What to do: With every picture left out, restate the listing below exactly as written.
§
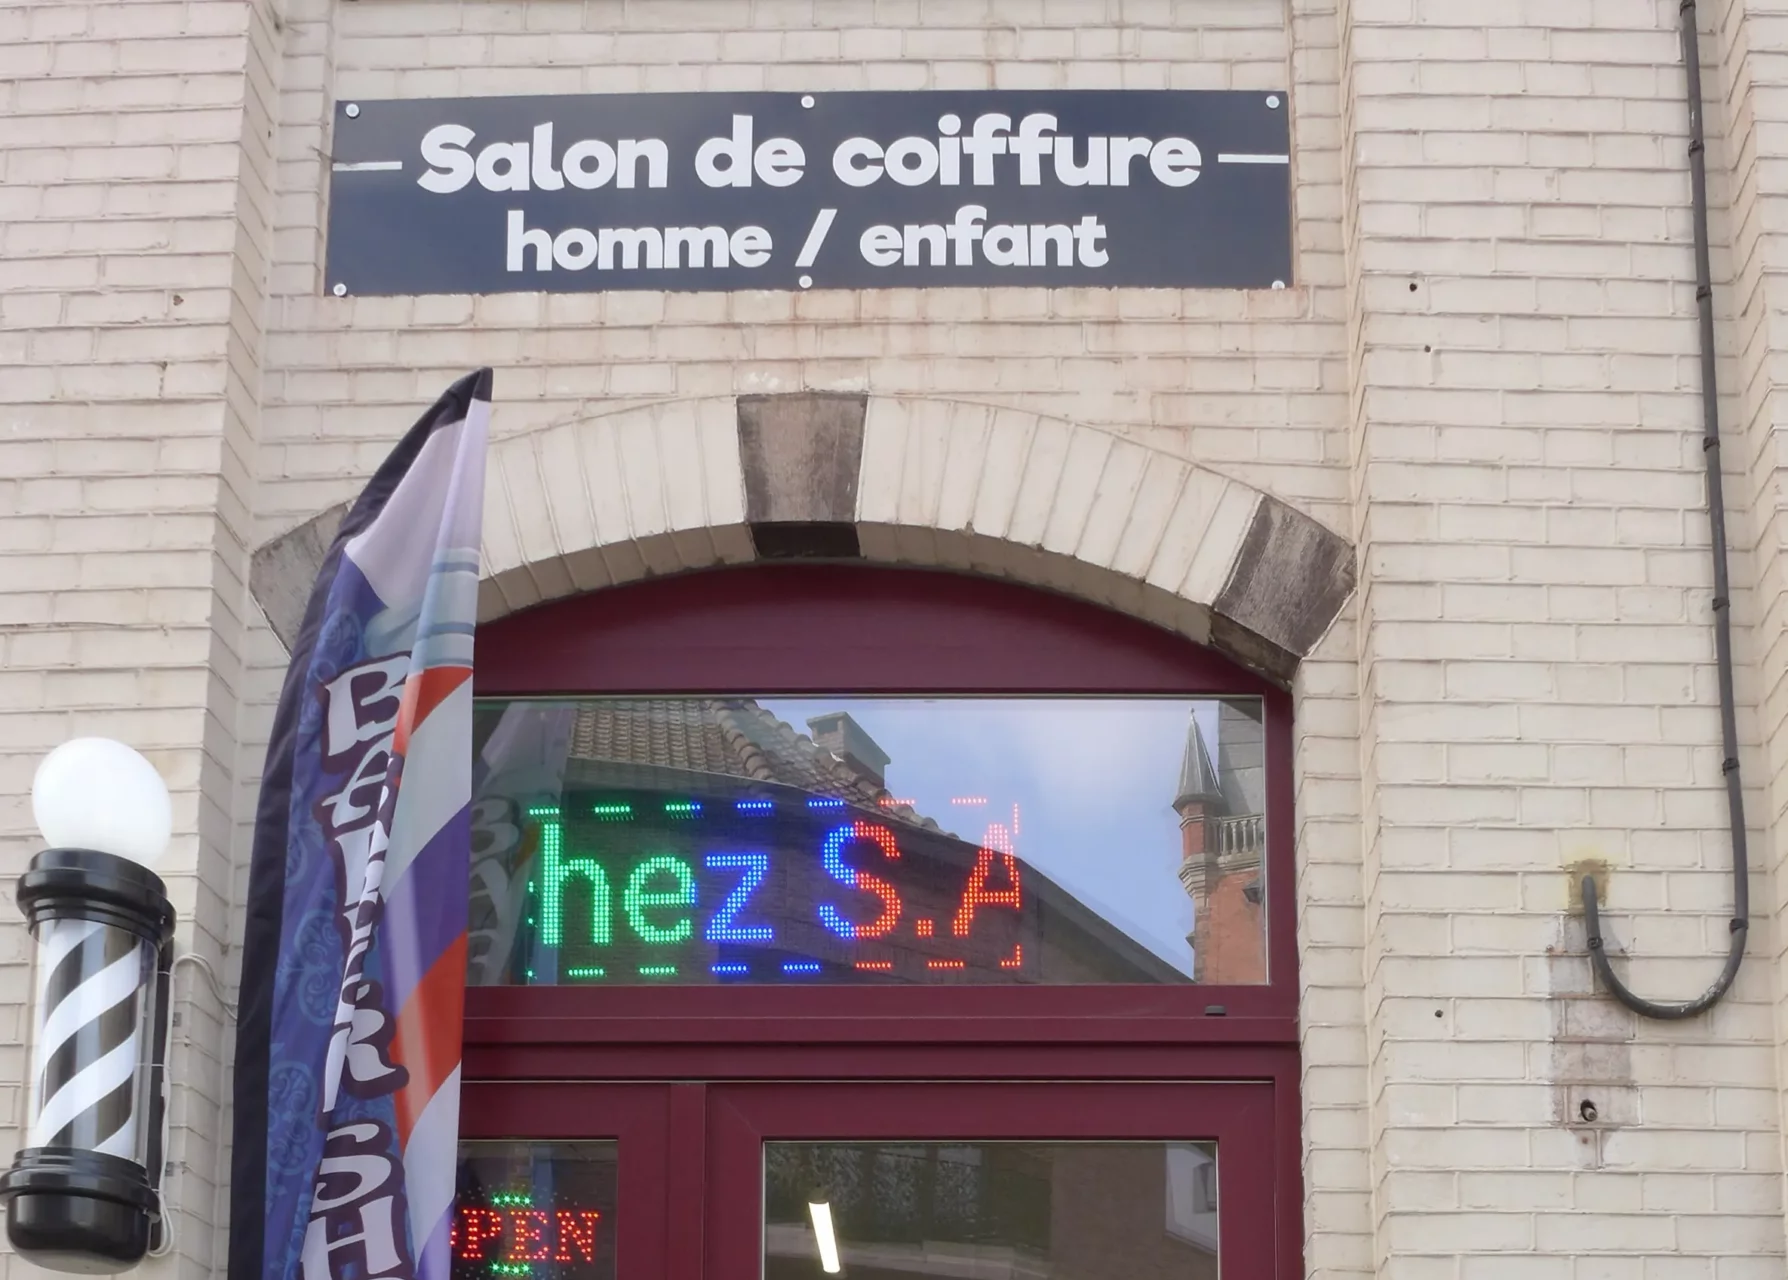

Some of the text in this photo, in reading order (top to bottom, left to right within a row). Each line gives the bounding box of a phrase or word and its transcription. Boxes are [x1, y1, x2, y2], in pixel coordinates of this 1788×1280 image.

[417, 112, 1202, 193] Salon de coiffure
[506, 205, 1110, 272] homme / enfant
[450, 1209, 601, 1262] PEN
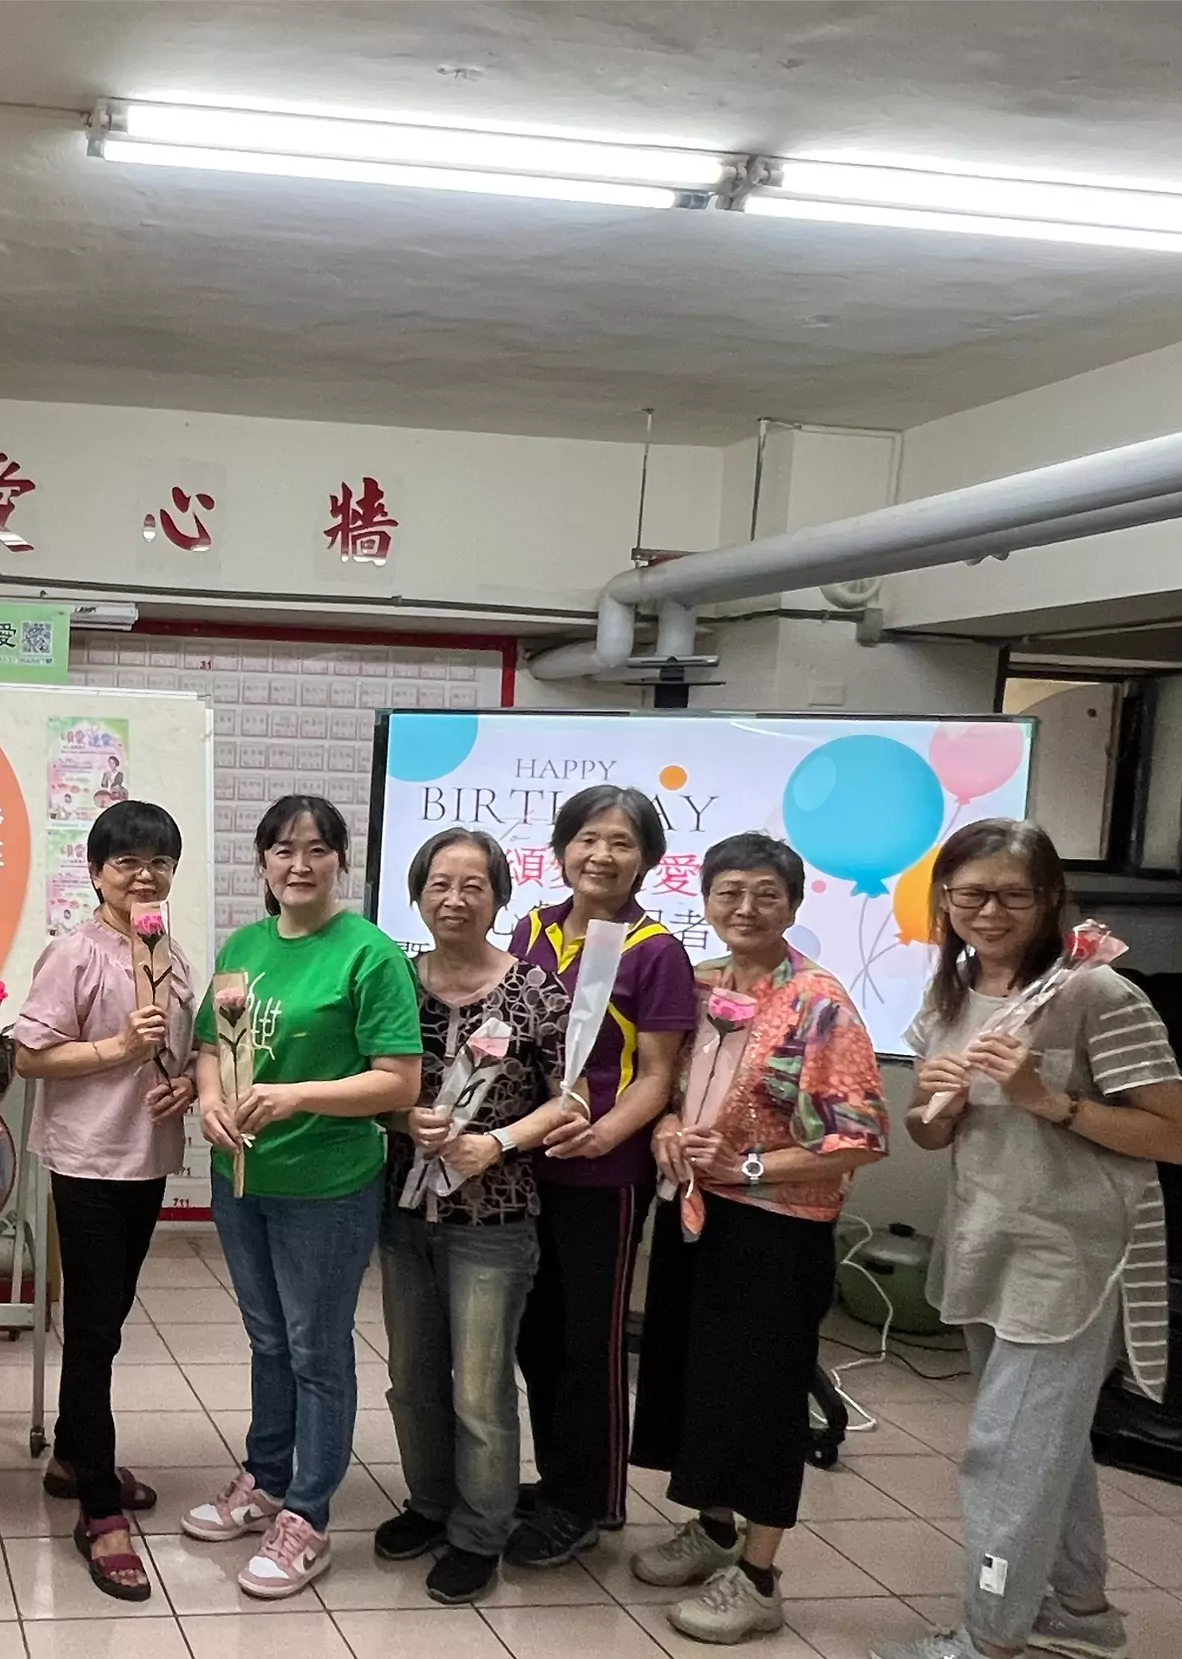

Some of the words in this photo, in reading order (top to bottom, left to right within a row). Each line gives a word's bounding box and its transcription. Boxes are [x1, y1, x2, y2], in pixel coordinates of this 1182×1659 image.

[200, 660, 212, 670] 31
[514, 758, 617, 780] HAPPY
[421, 786, 720, 832] BIRTAY
§
Answer box:
Some of the text in this photo, in reading order (top to bottom, left to right within a row). Each line gives the bounding box of a phrase or word and its transcription. Boxes are [x1, y1, x2, y2], in pixel coordinates of this 1788×1280 image.

[417, 112, 1202, 193] Salon de coiffure
[506, 205, 1110, 272] homme / enfant
[450, 1209, 601, 1262] PEN

Some of the words in this photo, in reading order (top to bottom, left to right within a row). Each line gives a word's bounding box and its transcription. Boxes are [x1, y1, x2, y2], in pixel coordinates of this 1182×1659 image.

[200, 660, 212, 670] 31
[514, 758, 617, 780] HAPPY
[421, 786, 720, 832] BIRTAY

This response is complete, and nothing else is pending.